» **Task objective**: All of the lines below are to be transcribed faithfully, with pictures excluded from the copy.

» **Data for analysis**:
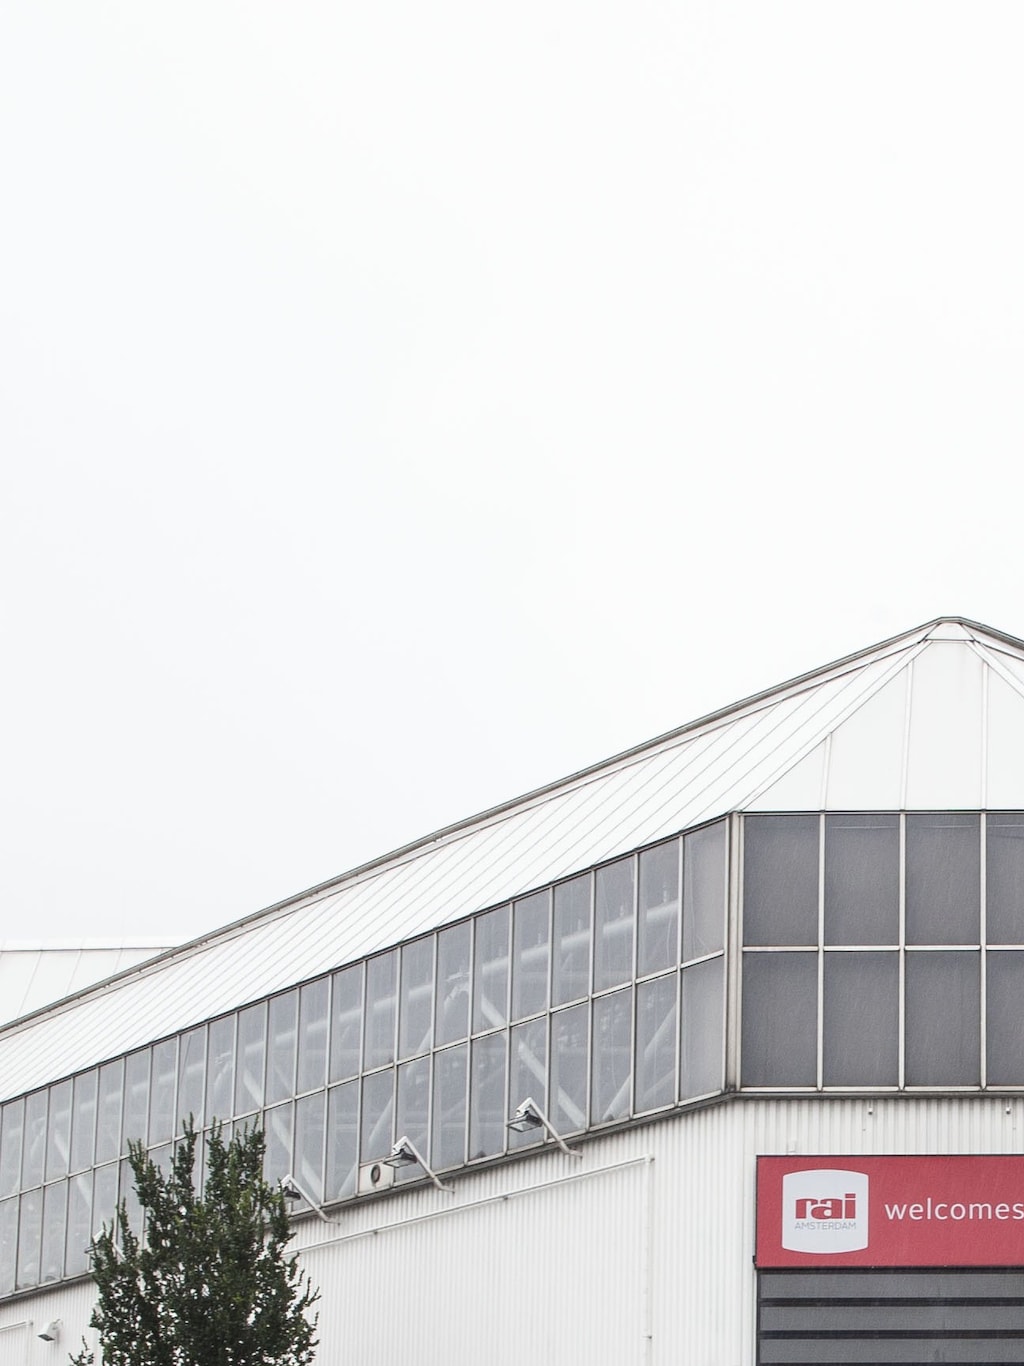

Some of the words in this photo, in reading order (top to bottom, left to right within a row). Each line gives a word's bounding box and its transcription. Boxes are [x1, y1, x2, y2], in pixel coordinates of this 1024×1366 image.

[795, 1193, 856, 1220] rai
[884, 1197, 1024, 1220] welcomes
[794, 1221, 857, 1231] AMSTERDAM
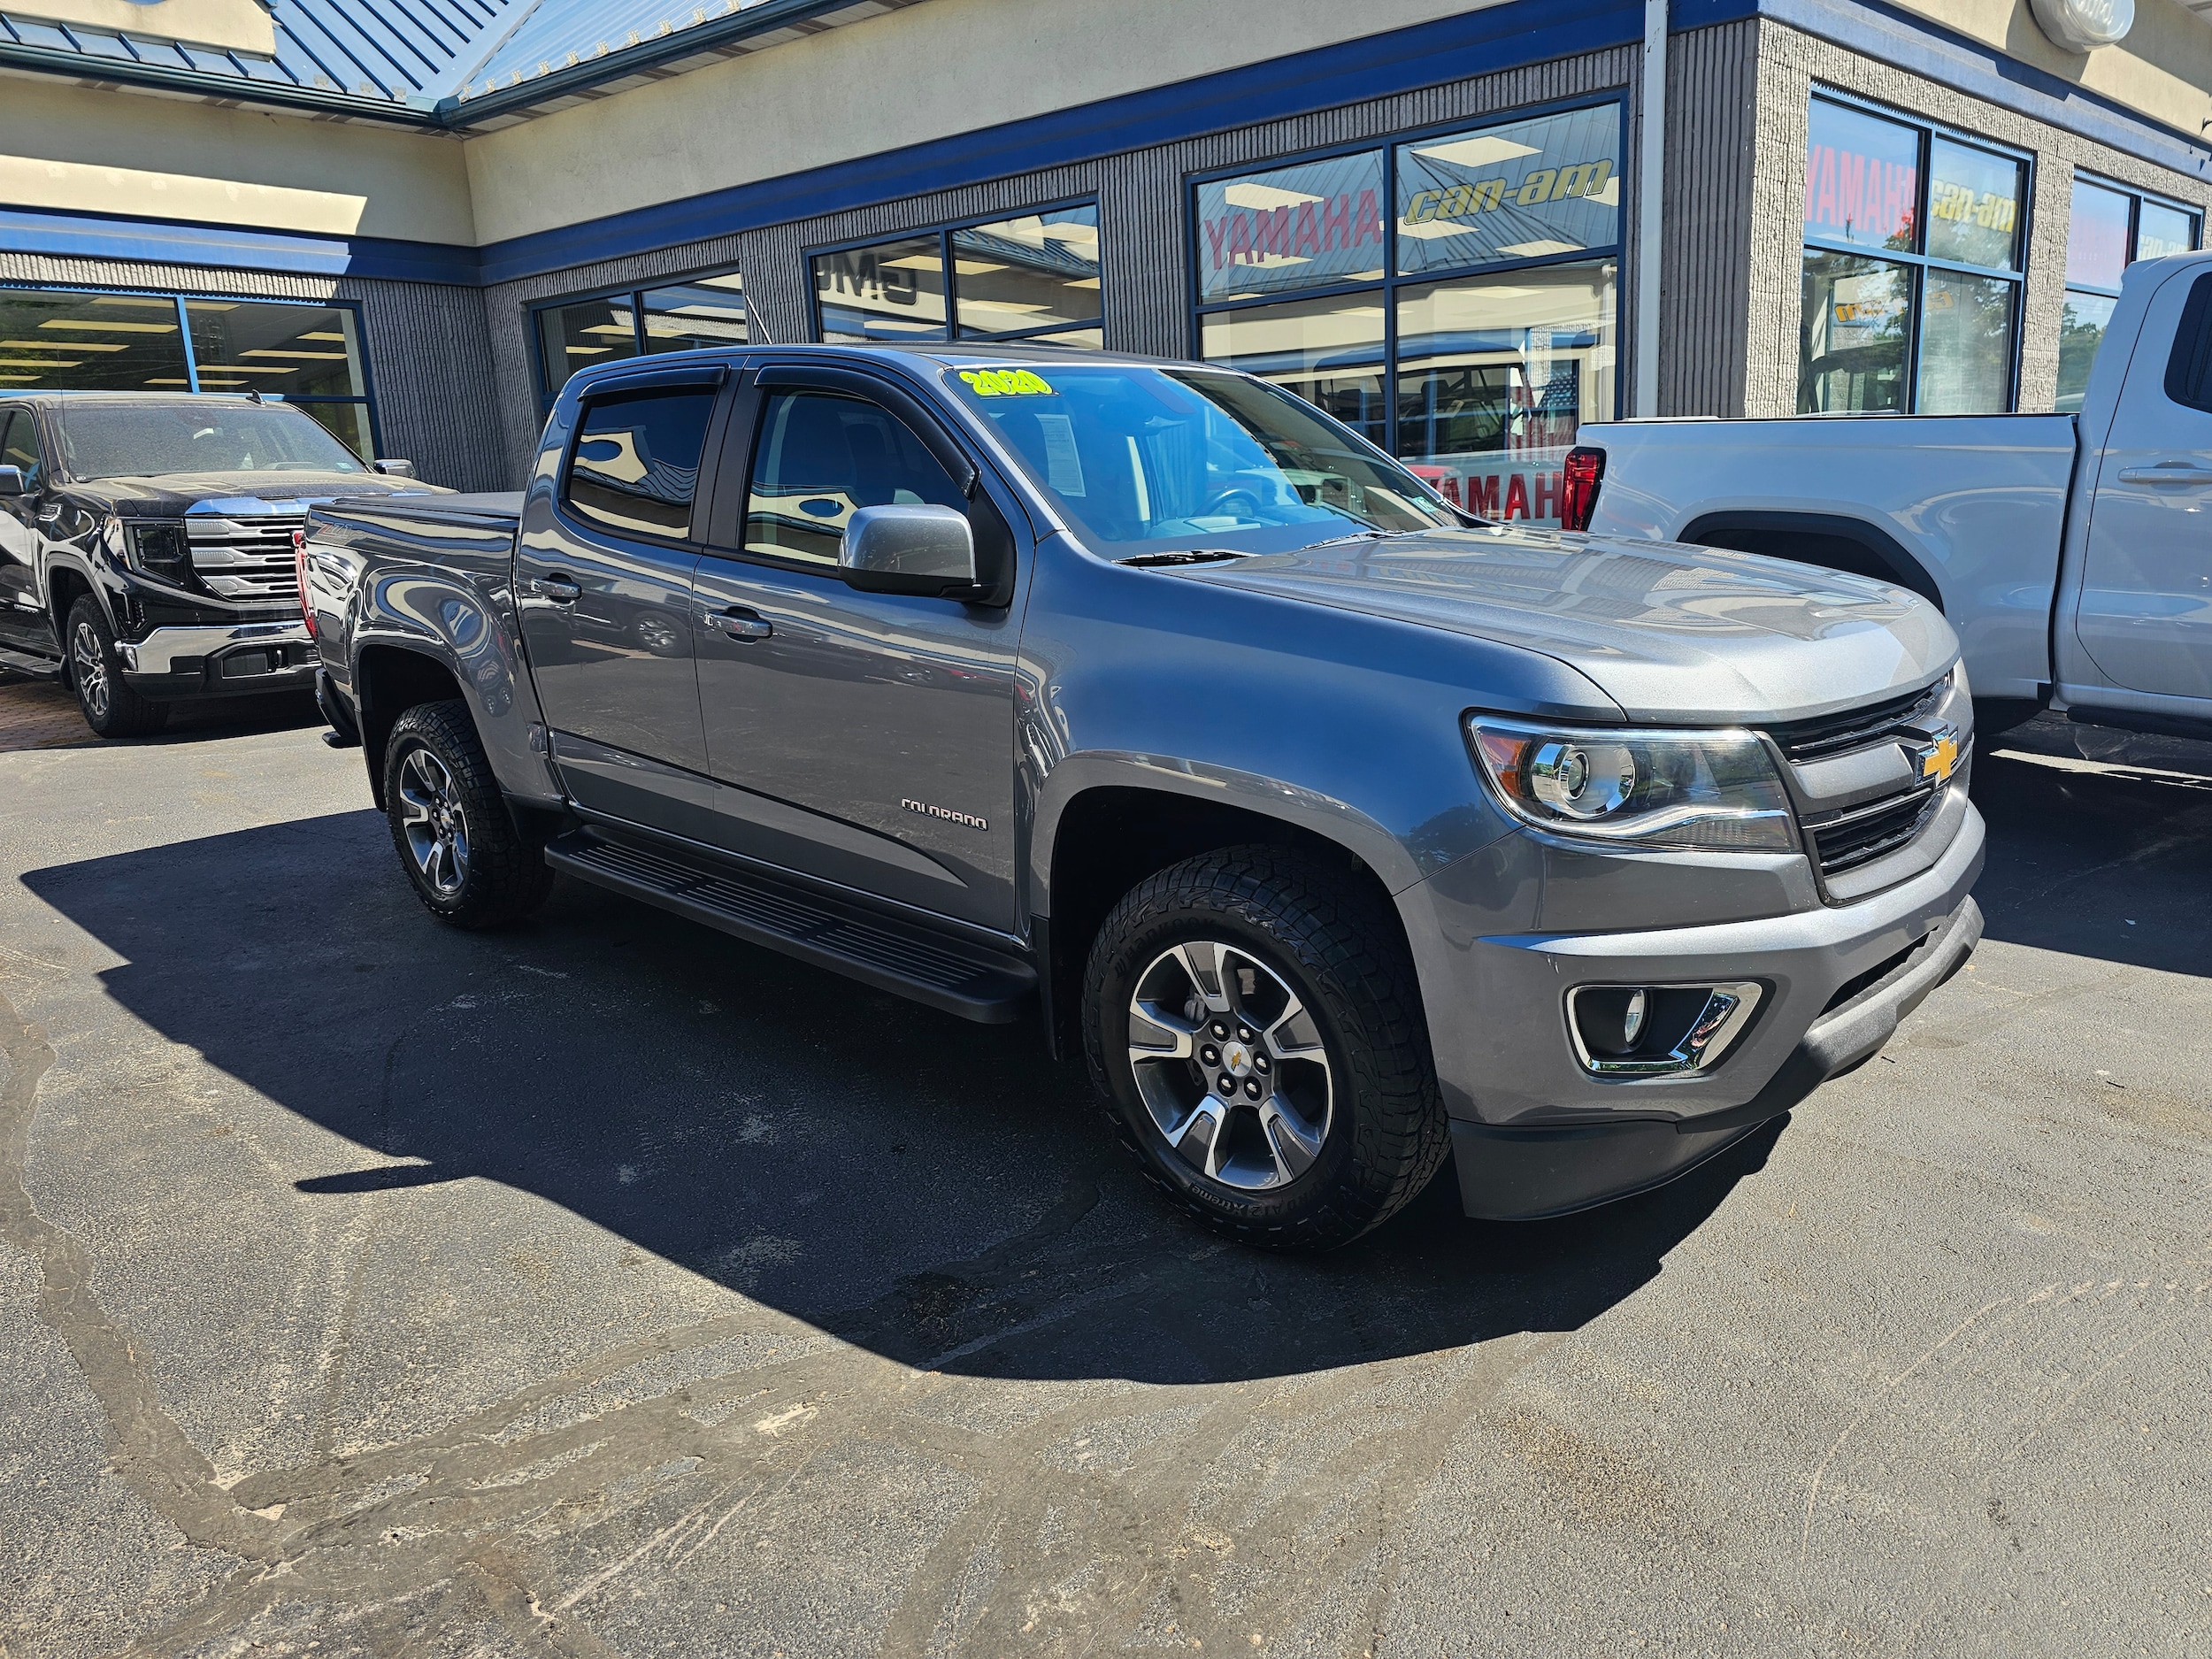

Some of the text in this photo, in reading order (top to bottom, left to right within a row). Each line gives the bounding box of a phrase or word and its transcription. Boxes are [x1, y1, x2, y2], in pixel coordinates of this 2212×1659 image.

» **Output of the exercise**:
Some of the words in this photo, in reading order (top to bottom, left to right within a row). Each line gives a word's bounding box and its transcription. Boxes are [x1, y1, x2, y2], in pixel coordinates of this 1024×1366 image.

[795, 1193, 856, 1220] rai
[884, 1197, 1024, 1220] welcomes
[794, 1221, 857, 1231] AMSTERDAM

Some of the text in this photo, in reading order (top to bottom, left to right within a row). Each line gives the bounding box of a phrase or word and its transcription. Boxes are [x1, y1, x2, y2], in pixel coordinates of this 2212×1659 image.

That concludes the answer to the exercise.